Materials and Methods: A factorial experiment was conducted based on completely randomized design with six replications under in-vitro conditions and four replications in greenhouse. Factors were consisted of cultivars (cv. Agria and Savalan) and light sources (LEDs emitting red, blue, white, combination of red and blue and also tubular fluorescent lamps as control). The experiment was carried out at the tissue culture laboratory of Yeka Seed Technology of Iran. Disease-free potato in vitro plantlets of Agria and Savalan cultivars were derived from the potato germplasm bank of Agricultural Biotechnology Research Institute of Iran. The plantlets were propagated using single-node cutting. Eight explants were cultured in sterilized culture vessels containing 30 ml of MS and pH was set to 5.8 before adding agar and autoclaving. Culture vessel were closed with polycarbonate caps and sealed with household plastic foil and were placed in a growth chamber at 24 °C and 16 h photoperiod for 4 weeks.
Results and Discussion: Results indicated that red spectrum caused an increase in plantlet height and Agria had a higher plantlet height under in-vitro conditions. Root length was higher in red-blue combination and no difference was observed between cultivars under in-vitro condition. The highest and lowest leaf area was obtained in white and red spectrum, respectively. Also, Savalan showed a higher leaf area in comparison with Agria. The lowest node number in plantlets was observed in red spectrum and the highest in white. The highest and lowest internode length was related to red and blue spectrum, respectively. Fluorescent light was resulted in the lowest plantlet fresh weight and no significant difference was observed among other treatments according to this parameter. Stem diameter and number of branches was not affected by different lights. Results of greenhouse study indicated that light conditions before transplanting of plantlets did not affected minituber number, while minituber weight was significantly affected by this factor and the lowest mean of this parameter was obtained in red spectrum compared to the other treatments.
Conclusion: Generally, results showed that less leaf area plantlet in vitro was also less leaf area in greenhouse (red light emitting diode).

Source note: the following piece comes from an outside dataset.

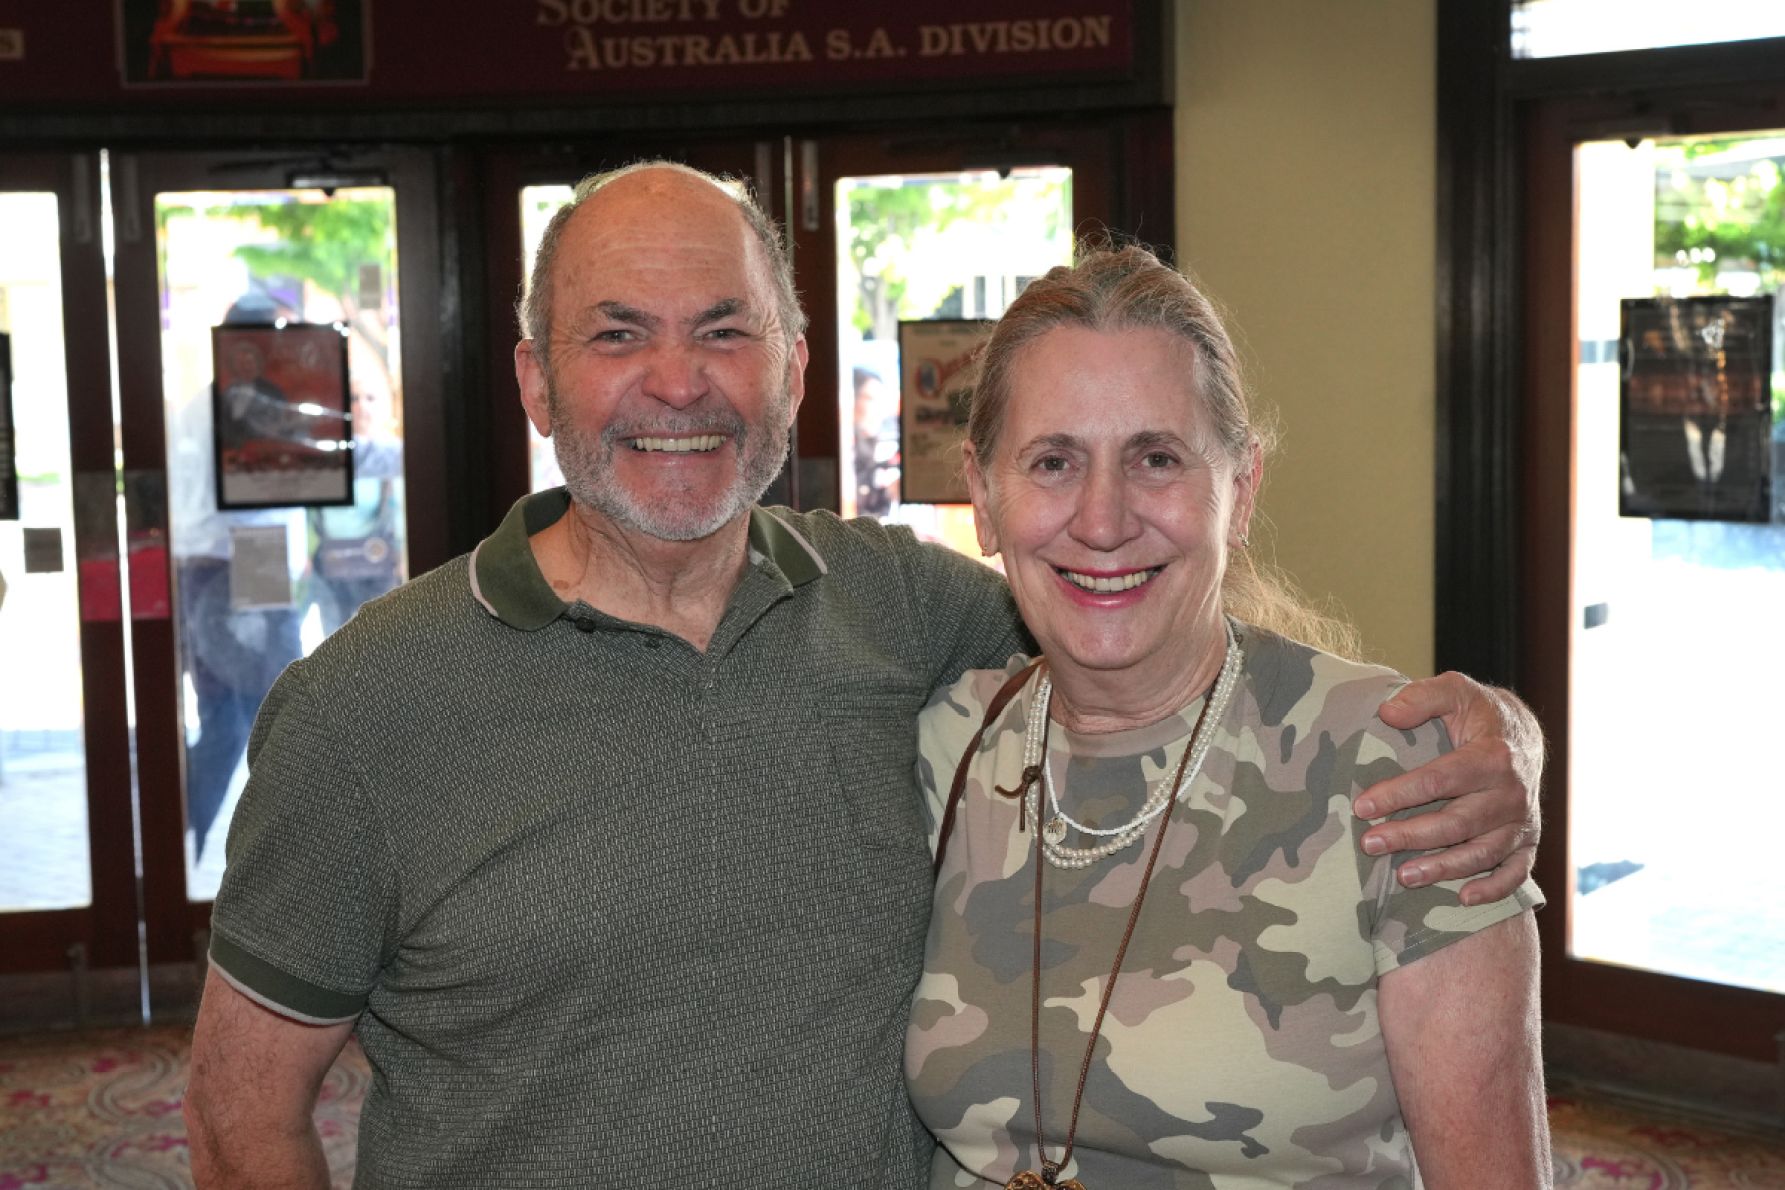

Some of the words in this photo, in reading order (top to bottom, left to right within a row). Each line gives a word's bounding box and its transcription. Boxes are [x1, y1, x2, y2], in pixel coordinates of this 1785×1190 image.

[565, 26, 814, 70] AUSTRALIA
[825, 27, 907, 60] S.A.
[919, 15, 1112, 56] DIVISION

Leaf area is an important criteria for photosynthetic and biomass production. Therefore, in this experiment fresh and dry matter production was affected by this characteristics and red light showed the lowest dry matter production. LEDs could be considered as suitable light sources producing plantlets comparable with those grown under fluorescent light under in-vitro conditions along with saving energy and ultimately lower production cost.